Por Ricardo Murer*
A transformação digital na educação começa a ser abordada mais intensamente no país, face ao desafiador ano de 2020. Com a pandemia de Covid-19, milhões de estudantes ficaram sem aulas. Com o fechamento das escolas, os alunos mais afetados na continuidade dos estudos foram aqueles que não possuíam computador ou notebook e acesso às redes WiFi, componentes necessários para a maioria das soluções de ensino a distância baseadas em streaming de vídeo.
Segunda pesquisa TIC Educação 2019, no Brasil, 34% dos estudantes não possuem um computador em casa, e 86% das escolas públicas urbanas não possuem estrutura de ensino a distância, tornando o efeito do fechamento das escolas em algo ainda mais grave.
Recorremos às tecnologias para alavancar o ensino a distância, impedindo a paralisação total da educação, mas é preciso buscar alternativas tecnológicas para as soluções atuais, baseadas em vídeo, e aos modelos que buscam simular aulas presenciais com local e hora marcada.
Se pararmos por um instante, e buscarmos em nossa memória nossas aulas, do fundamental até a faculdade, vamos encontrar vários pontos em comum: a sala de aula, professores, alunos, o ambiente escolar, a biblioteca, os livros. O que as novas tecnologias vêm buscando é substituir, em alguns casos, e potencializar em outros alguns dos elementos que formam a jornada de aprendizagem dos alunos.
Entre eles está, sem dúvida, o mais importante, o professor. Ele é o responsável por conectar todos os elementos desta cadeia de aprendizagem e transferir o conhecimento para seus alunos. Sua principal ferramenta: a voz. Um bom professor é aquele que sabe se comunicar, possui capacidade de explicar e é um excelente orador.
Em todas as aulas, professores “falam” e fazem uso de outros componentes da jornada de aprendizagem como meios para “materializar a voz”, tais como cadernos ou livros – estes últimos, podemos dizer, materializam “a voz interior”, ou o pensamento. As tecnologias de voz, quando aplicadas à educação, estão de fato potencializando nosso meio de transmissão de conhecimento mais natural e fluído, que é a voz.
Outro relevante aspecto é a mudança de comportamento dos estudantes, nativos digitais, que possuem alto grau de exigência quanto às possibilidades de interação dos dispositivos e sistemas que utilizam. Estudantes que realizam múltiplas tarefas ao mesmo tempo e entendem que o celular é sua principal ferramenta para absolutamente tudo.
Não é por acaso que, nos últimos anos, a área de Experiência do Usuário ou UX – User Experience – se tornou uma das mais importantes no desenvolvimento de sistemas, incluindo as plataformas de ensino a distância e e-learning.

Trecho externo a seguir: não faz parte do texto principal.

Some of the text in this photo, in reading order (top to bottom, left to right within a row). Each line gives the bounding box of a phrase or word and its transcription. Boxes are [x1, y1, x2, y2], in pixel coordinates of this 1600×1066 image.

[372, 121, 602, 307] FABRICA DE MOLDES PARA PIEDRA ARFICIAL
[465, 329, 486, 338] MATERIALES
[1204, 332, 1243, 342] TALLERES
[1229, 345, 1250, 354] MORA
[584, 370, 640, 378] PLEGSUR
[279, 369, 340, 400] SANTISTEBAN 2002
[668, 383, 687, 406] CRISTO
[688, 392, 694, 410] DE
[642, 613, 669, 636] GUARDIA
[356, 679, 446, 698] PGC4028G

Interfaces para os usuários baseadas em voz ou Voice User Interfaces (VUIs) começaram a se tornar mais comuns na última década, embarcadas em celulares, como a Siri no iPhone e o Google Assistente nos dispositivos Android. Mais recentemente, a tecnologia Alexa Voice Service (AVS) da Amazon cresceu em número de usuários, ultrapassando mais de 100 milhões de dispositivos.
De acordo com a Comscore, em 2020, 50% de todas as buscas na Web foram feitas por voz. Além deste fato, pesquisadores da Universidade de Stanford demonstraram que, com sistemas modernos de reconhecimento de voz a sua eficiência (velocidade e assertividade) é três vezes maior quando comparada à digitação típica em um smartphone. Então, é fácil compreender porque está cada vez mais comum usarmos “recados de voz” no WhatsApp.
A chegada dos dispositivos de voz na educação tem ocorrido de forma ainda isolada, mas consistente. De um lado, eles podem ser úteis em atividades de suporte acadêmico. A Universidade de St. Louis, nos Estados Unidos, criou uma rede de 2.300 Amazon Echo Dots, distribuídos nos dormitórios dos estudantes e outras partes do campus. Uma skill (este é o nome que a Amazon dá aos aplicativos que rodam em sua plataforma) proprietária da universidade pode responder a mais de 135 perguntas sobre eventos, horários de aulas e informar até as opções de refeições nas proximidades do campus.
De outro lado, assistentes e dispositivos de voz podem apoiar a jornada de aprendizagem do aluno, oferecendo aulas, atuando como monitores inteligentes, com jogos educativos e testes para autoavaliação. Com a chegada do ensino híbrido, tecnologias de voz são uma alternativa leve, fácil de usar e inclusiva. Um nicho de mercado que está sendo explorado com sucesso por algumas Edtechs (startups focadas em Educação) ao redor do planeta.
Trata-se de uma solução inovadora, de baixa fricção e sem barreiras técnicas para adoção e uso. É a prova de que os dispositivos de voz, quando possuem software de inteligência artificial com recursos avançados de conversação, podem representar a próxima onda para o ensino híbrido.